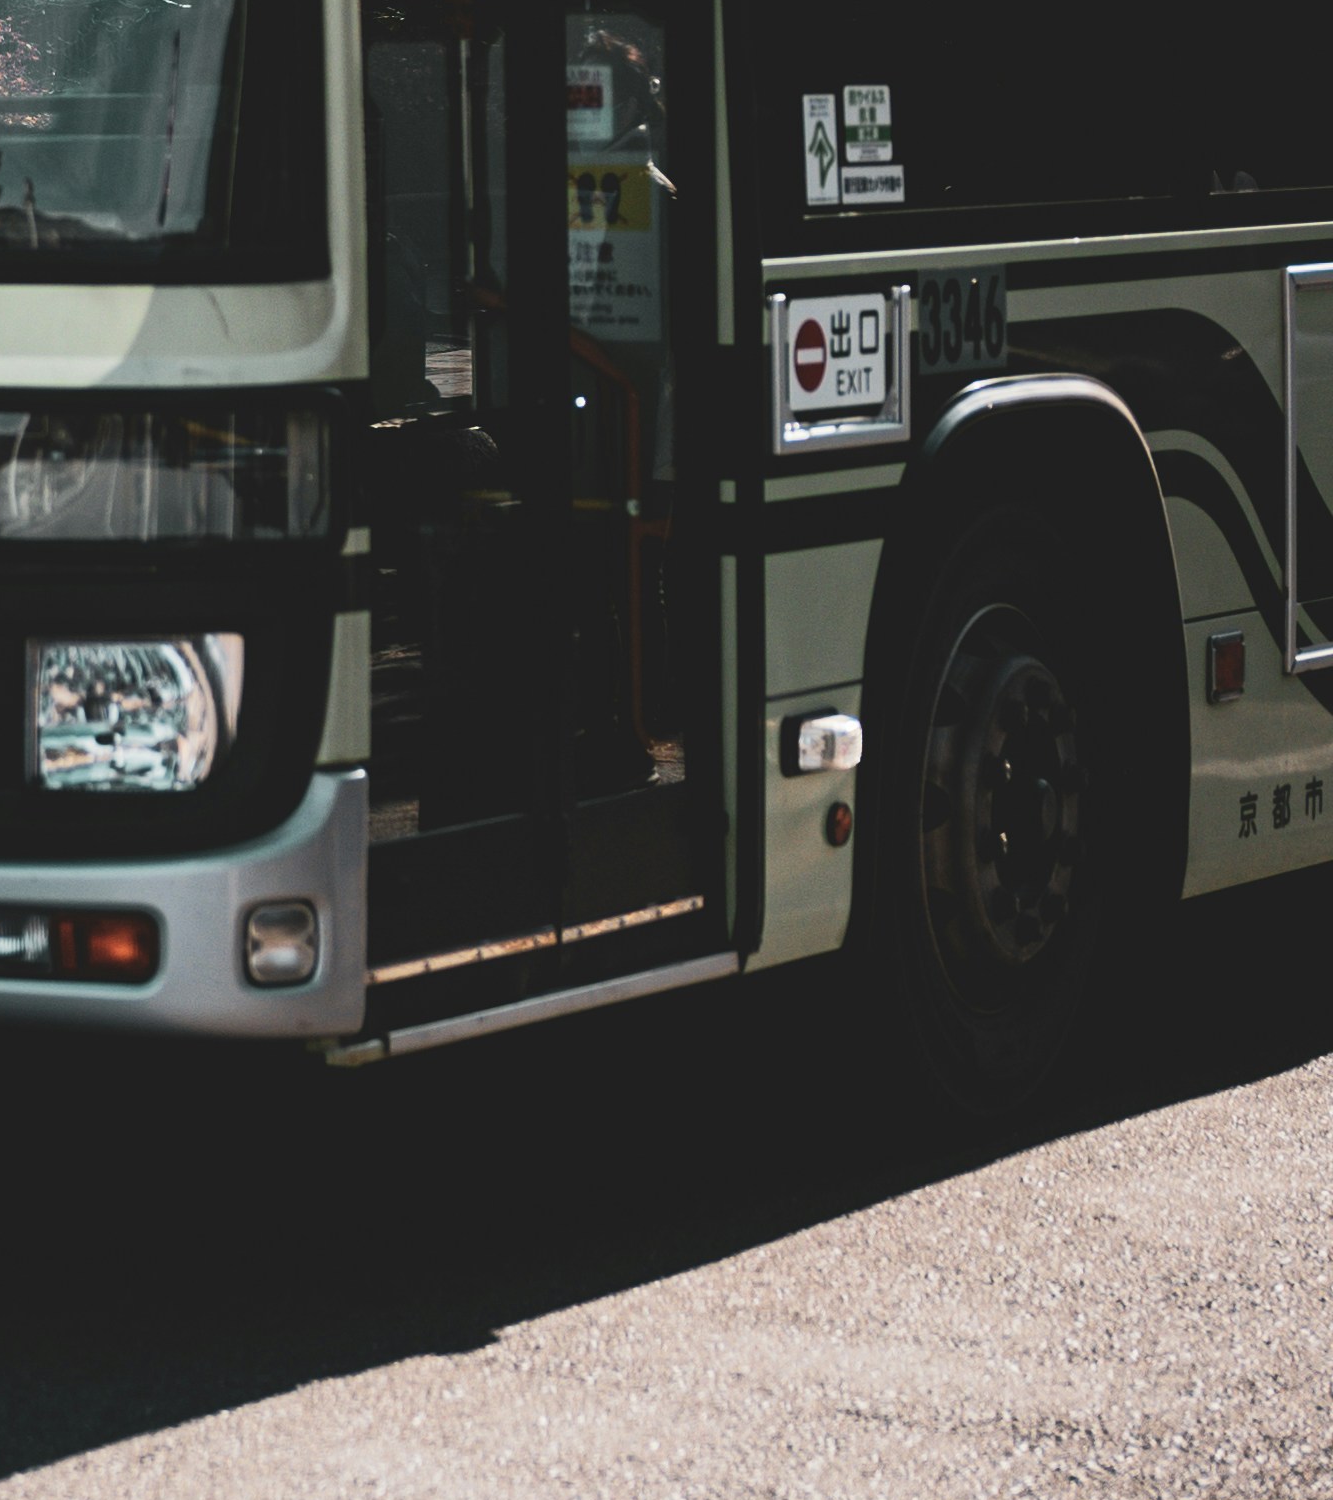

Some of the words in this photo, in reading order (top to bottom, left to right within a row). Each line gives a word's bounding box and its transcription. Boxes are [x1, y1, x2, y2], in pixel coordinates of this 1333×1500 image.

[830, 308, 880, 359] 出口
[921, 275, 1005, 367] 3346
[836, 367, 873, 396] EXIT
[1238, 775, 1323, 838] 京都市
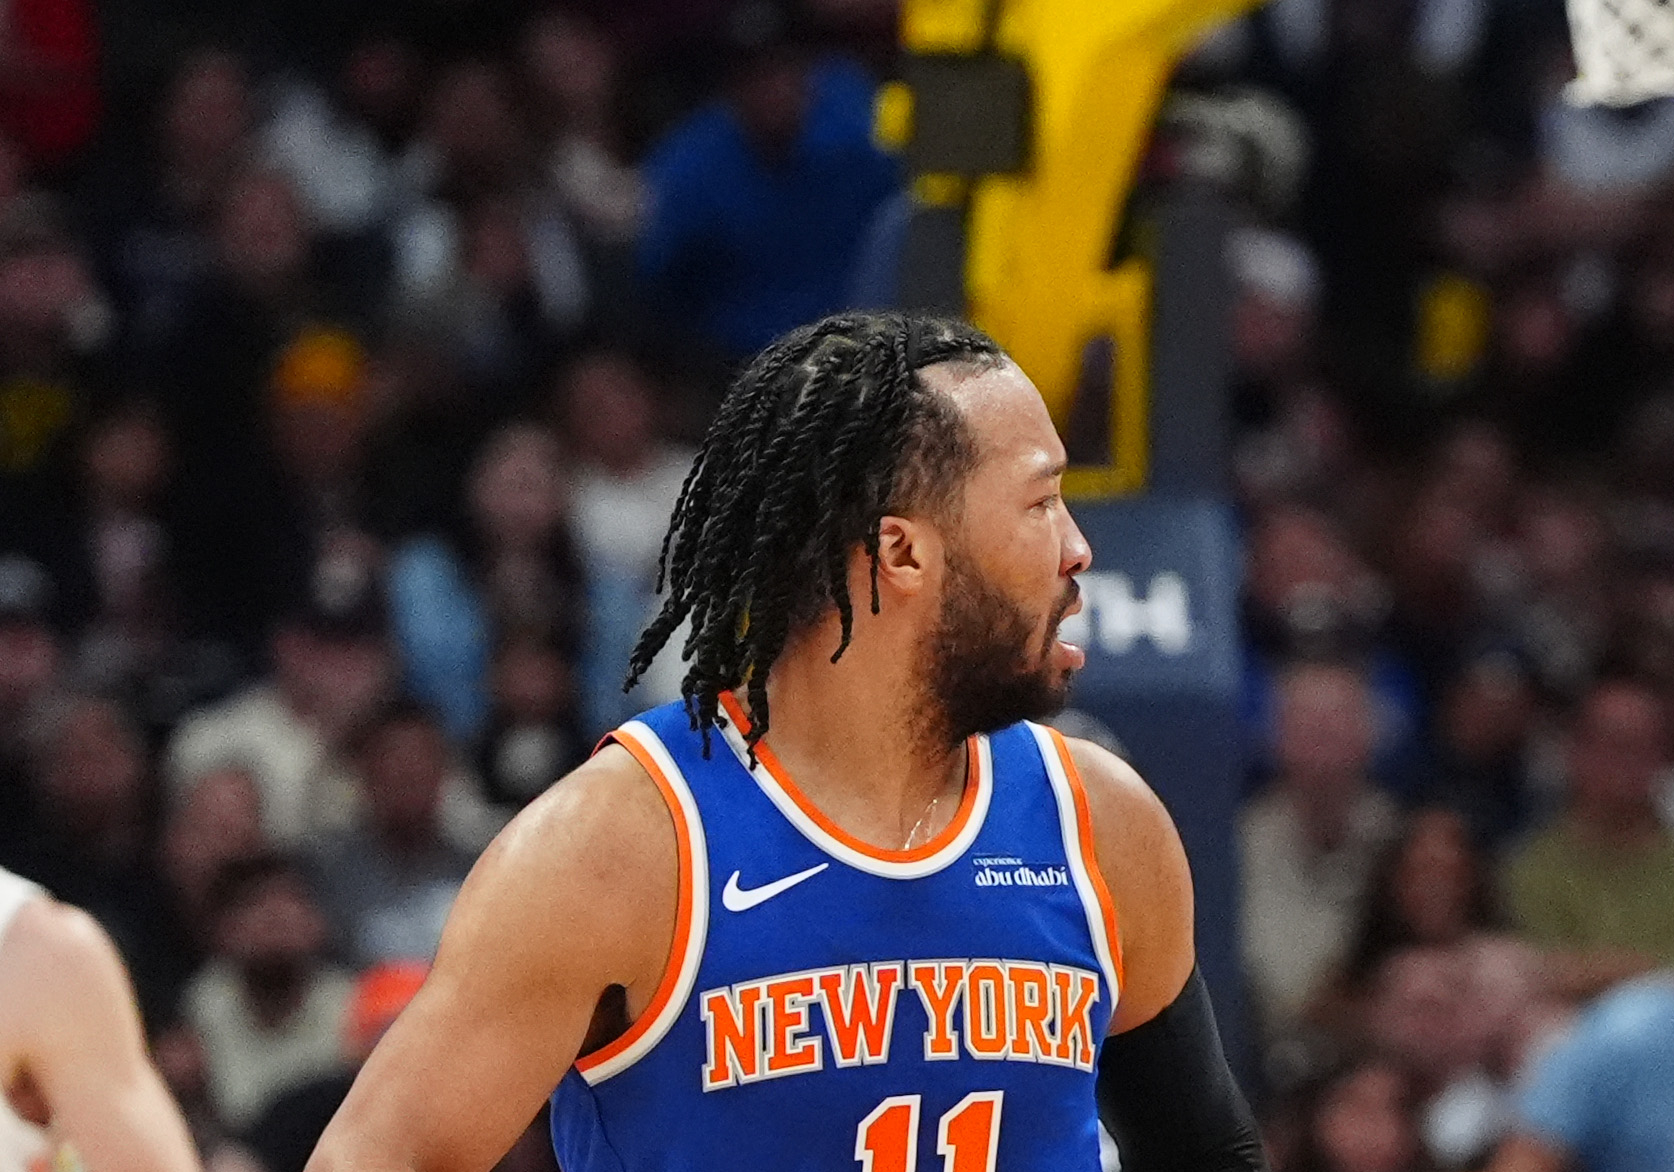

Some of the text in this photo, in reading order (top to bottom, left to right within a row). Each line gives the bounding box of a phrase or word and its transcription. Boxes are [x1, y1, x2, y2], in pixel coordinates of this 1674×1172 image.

[975, 866, 1068, 887] abu dhabi
[700, 958, 1099, 1093] NEW YORK

———

About this task
Exact copies of the lines from the one with "Some of the text" through the final line of the listing should be returned, and no other lines.

Solution below
Some of the text in this photo, in reading order (top to bottom, left to right within a row). Each line gives the bounding box of a phrase or word and its transcription. Boxes are [x1, y1, x2, y2], in pixel coordinates of this 1674×1172 image.

[975, 866, 1068, 887] abu dhabi
[700, 958, 1099, 1093] NEW YORK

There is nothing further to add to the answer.